Grand Lodge Alpina of Switzerland
- Established: 1844
- Location: Switzerland;
- Website: freimaurerei.ch

= Grand Lodge Alpina of Switzerland =

Swiss Masonic obedience

With 84 lodges and 3’350 members, the Grand Lodge Alpina of Switzerland (GLAS) is a Swiss Masonic obedience founded in 1844.

It is the oldest and most numerous Grand Lodge in Switzerland, but other so-called liberal Grand Lodges exist on Swiss territory, including the Droit Humain Suisse, the Mixed Grand Loge of Switzerland, the Grand Lodge Symbolique Helvétique, the Grand Orient of Switzerland and the Women's Grand Lodge of Switzerland. According to its historic custom, the GLAS is monogenous, and its lodges admit only male members.

The essence of the GLAS is that its Constitution is based on ‘the spirit of the Old Charges, from which the Anderson Constitutions of 1723 were inspired. These include a belief in a Supreme Being, the presence of a sacred book on the lodge altar; no brother may promote his personal opinions on religion or politics.

Through its adherence to these values, GLAS has recognized a wide network of Grand Lodges in other countries and in return is recognized by them, which allow its members to visit lodges throughout the world. It is governed as an association under Article 60 of the Swiss Civil Code and has its own constitution, statutes and regulations.

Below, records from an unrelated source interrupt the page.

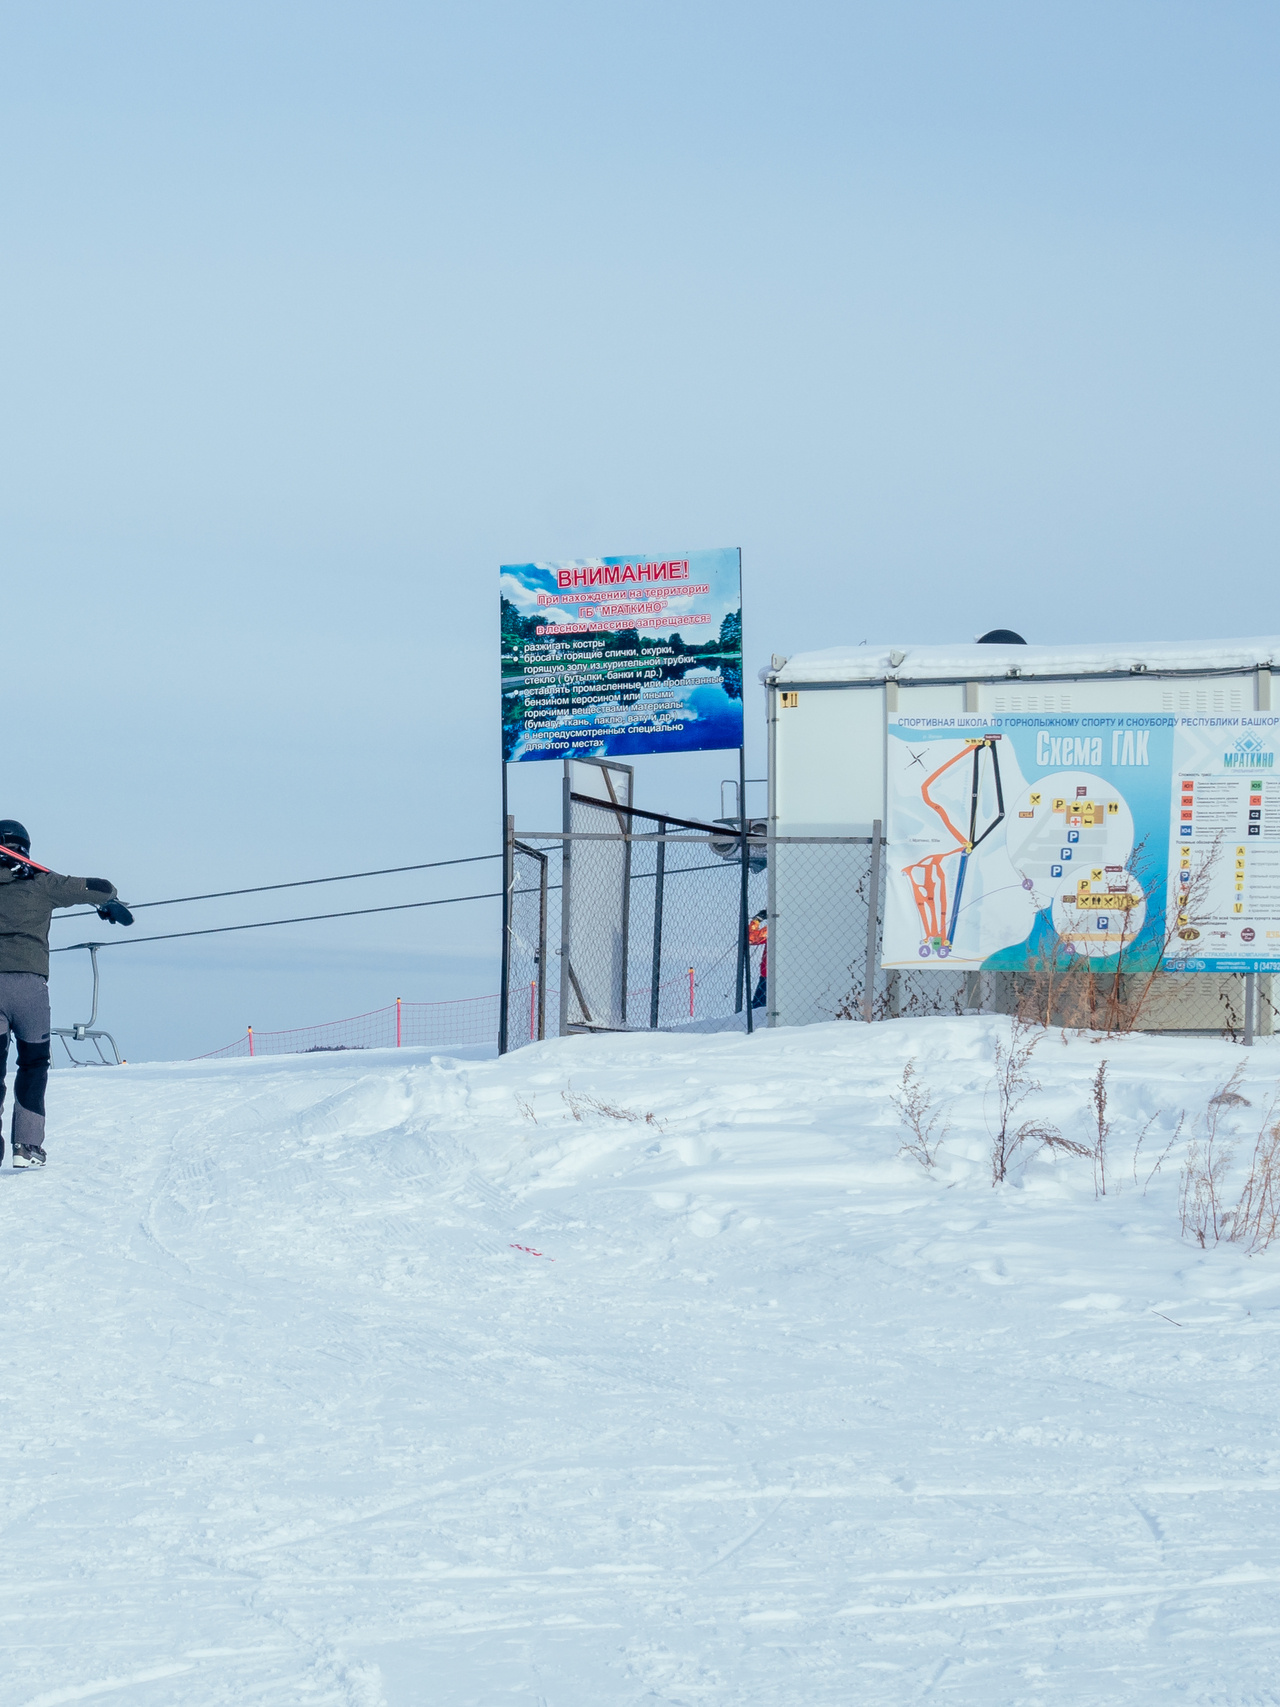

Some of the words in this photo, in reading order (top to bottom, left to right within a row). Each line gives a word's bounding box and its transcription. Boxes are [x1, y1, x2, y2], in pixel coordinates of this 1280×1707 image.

[558, 560, 689, 588] ВНИМАНИЕ!
[537, 594, 559, 606] При
[561, 590, 627, 605] нахождении
[629, 588, 643, 599] на
[644, 584, 709, 598] территории
[536, 626, 545, 635] в
[546, 622, 587, 634] лесном
[589, 619, 634, 632] массиве
[636, 614, 711, 629] запрещается:
[524, 644, 570, 654] разжигать
[572, 640, 606, 648] костры
[524, 653, 561, 664] бросать
[564, 650, 603, 661] горящие
[604, 649, 639, 658] спички,
[640, 646, 675, 656] окурки,
[524, 664, 565, 674] горящую
[567, 662, 588, 672] золу
[602, 656, 661, 670] курительной
[663, 655, 697, 666] трубки,
[524, 676, 556, 685] стекло
[564, 673, 605, 683] бутылки,
[606, 671, 634, 680] банки
[636, 670, 642, 678] и
[644, 668, 663, 678] др.)
[524, 686, 570, 697] оставлять
[572, 681, 642, 694] промасленные
[643, 680, 662, 688] или
[662, 676, 725, 688] пропитанные
[524, 697, 570, 707] бензином
[572, 694, 620, 705] керосином
[623, 692, 641, 700] или
[643, 691, 674, 699] иными
[524, 709, 570, 719] горючими
[572, 705, 628, 716] веществами
[631, 702, 684, 712] материалы
[524, 720, 561, 730] (бумагу,
[594, 716, 626, 725] паклю,
[628, 714, 650, 724] вату
[659, 710, 679, 722] др.)
[898, 718, 955, 727] СПОРТИВНАЯ
[958, 718, 988, 727] ШКОЛА
[990, 718, 1003, 727] ПО
[1005, 718, 1080, 727] ГОРНОЛЫЖНОМУ
[1081, 718, 1116, 727] СПОРТУ
[1118, 718, 1124, 726] И
[1126, 718, 1180, 728] СНОУБОРДУ
[1181, 718, 1240, 727] РЕСПУБЛИКИ
[1241, 718, 1280, 726] БАШКОР
[524, 732, 530, 740] в
[532, 727, 626, 740] непредусмотренных
[628, 723, 684, 734] специально
[525, 743, 544, 752] для
[545, 741, 570, 750] этого
[572, 739, 604, 748] местах
[1036, 730, 1102, 766] Схема
[1112, 730, 1150, 766] ГЛК
[1224, 752, 1274, 768] МРАТКИНО

GLAS aims at the moral and ethical improvement of the members of its lodges by working on themselves, aided by ad hoc initiatory and symbolic ceremonies and close harmony between its members. More generally, the aim is to adopt a moral position and committed ethical behaviour within society. GLAS offers a broad spiritual approach and an initiatic pedagogy which retains a stance of privacy to its rituals, even if all the information on the arcane and the functioning of Freemasonry is easily accessible on the web and in specialized books. GLAS brethren belong mostly to the middle class.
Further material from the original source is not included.